Scholarship Program for Children of Prisoners and Farmers
Sr. Myrna Tacardon, a Good Shepherd nun, heads this community in the mountain on Digkilaan in Iligan City. Recipients of PIA’s scholarship grant in the amount of $11,000 are 300 poor children: ­50 are children of prisoners, 180 are children from poor communities and 70 are children of farmers. The squatter areas have multiplied and children are forced to stop going to school as their parents cannot find jobs. Last summer, the children took Taekwondo lessons as a way to protect themselves from the abuses in the area. Sr. Myrna started a fund where families contribute P1.00 and they can borrow from the fund at low interest rates.

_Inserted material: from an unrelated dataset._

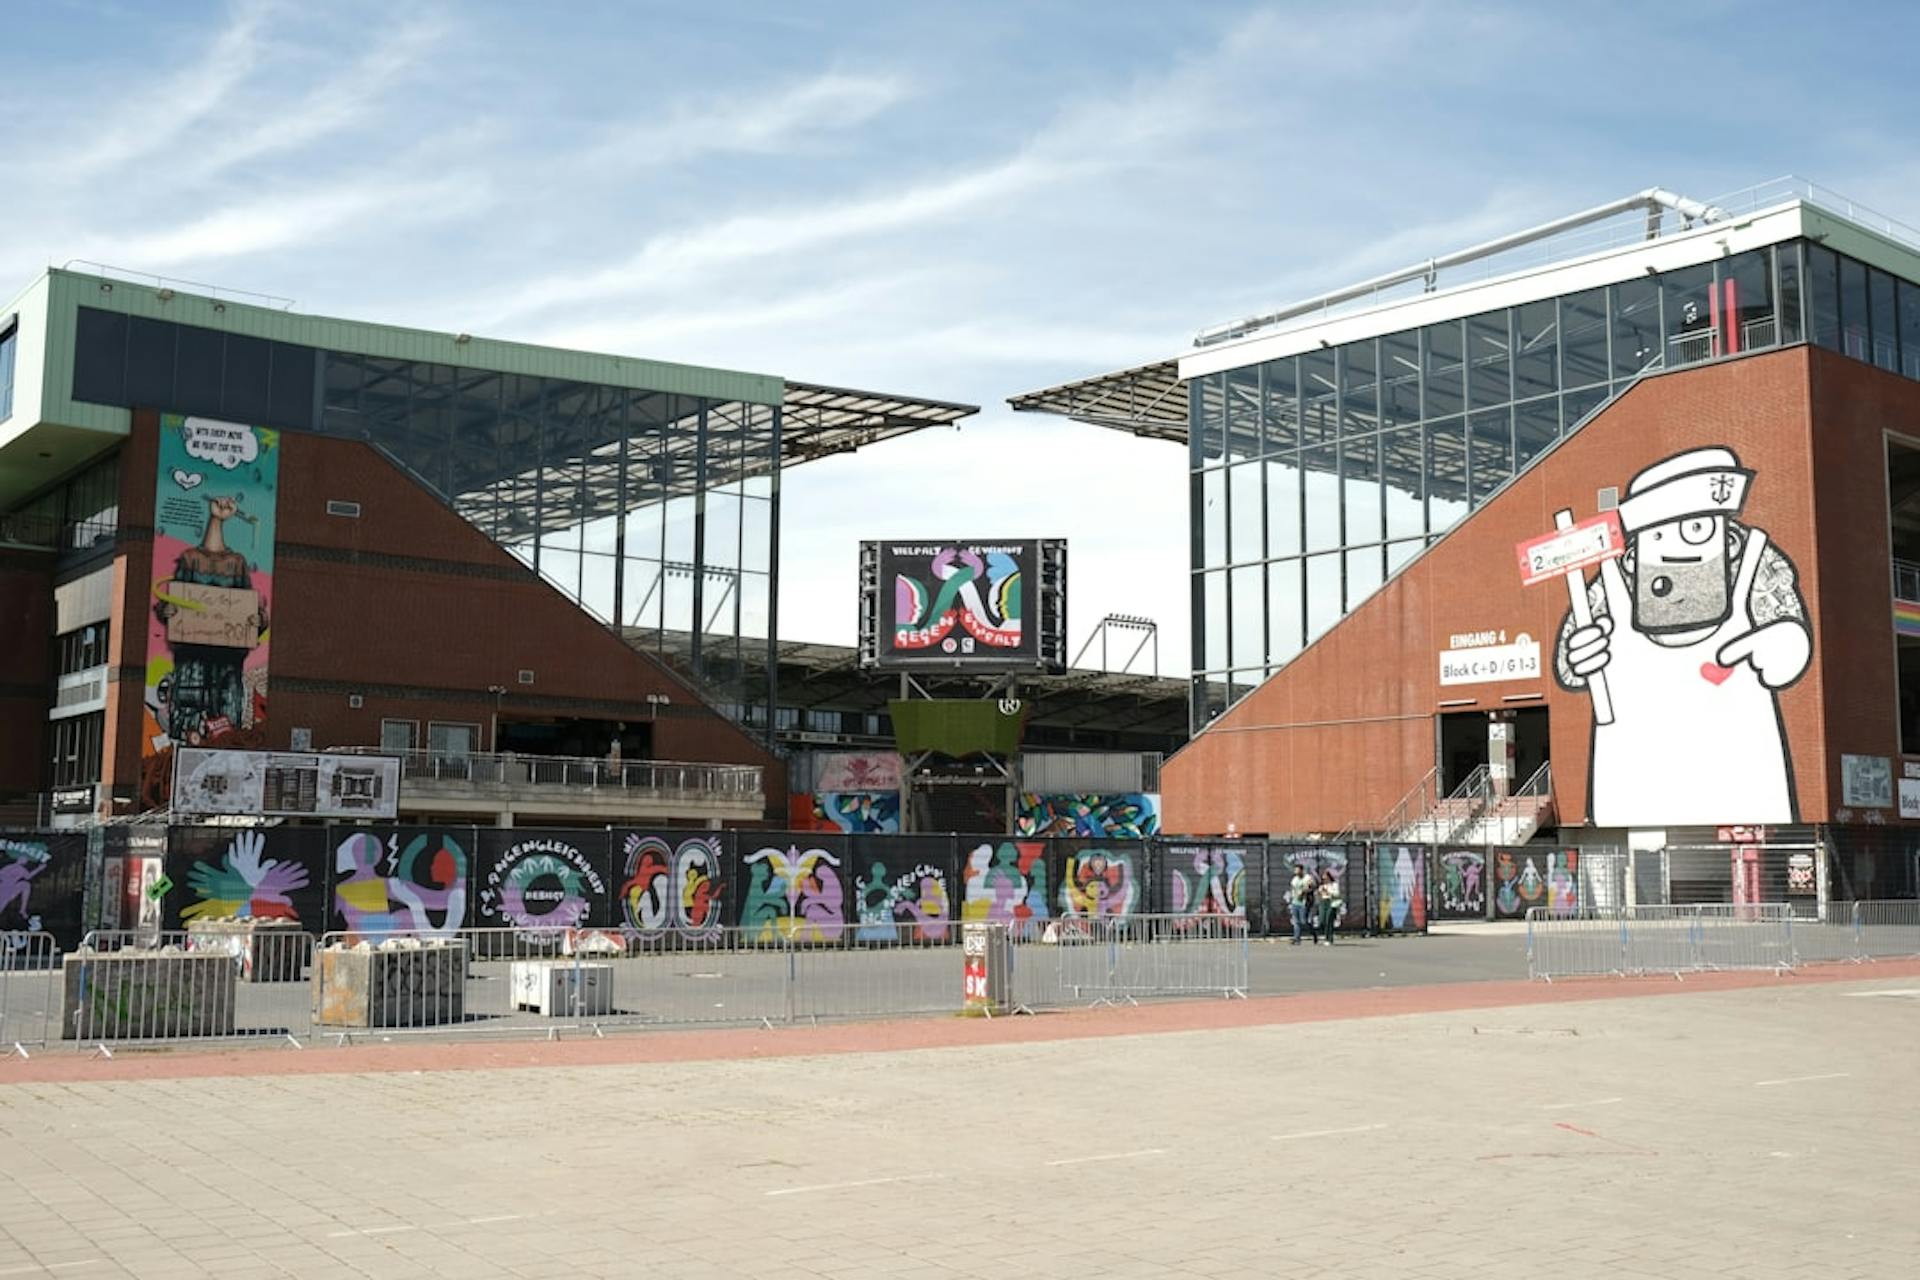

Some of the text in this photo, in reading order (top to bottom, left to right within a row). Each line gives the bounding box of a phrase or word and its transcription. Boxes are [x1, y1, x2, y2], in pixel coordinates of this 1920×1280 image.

2012-2013 College Graduates 1. Ma. Jeannie Arago - BS Psychology, Unibersidad de Manila 2. Marvin Daniel Bermillo - BS Chemical Engineering, University of Sto. Tomas 3. Lani Brezuela - Dressmaking, National Vocational Rehabilitation Center 4. Lady Camille Camuyag - BS Office Management, Rizal Technological University 5. Ronald Cajurao - BS Information Technology, Jose Rizal University 6. Ma. Hervelita Flores - BS Business Administration, DLSU-College of St. Benilde 7. Kelvin Gregorio - BS Marketing, Unibersidad de Manila 8. Ma. Jessica Laroza - BS Banking & Finance, Polytechnic University of the Philippines 9. Joan Logarto - BS Computer Science, Gateways Institute 10. Rose Ann Moire - BS Nursing, University of Perpetual Help 11. Teody Lee Payot - Consular in Diplomatic Affairs, DLSU-College of St. Benilde 12. Christian Ranche - BS Industrial Psychology, Eulogio “Amang” Rodriguez Institute of Sciene & Technology (EARIST) 13. Connel Gemma Rosanes - BS Marketing, Rizal Technological University

Tanglaw Buhay Center
The scholarship program extended by PIA brought about changes in the lives of the children who have been victims of sexual trafficking. It boosted their morale and they regained their self-esteem. They started to trust the people around them who are committed to helping them. Of the 28 children being supported by PIA with a grant of $6,000, 13 of them are in elementary, 13 are in high school and two are in college.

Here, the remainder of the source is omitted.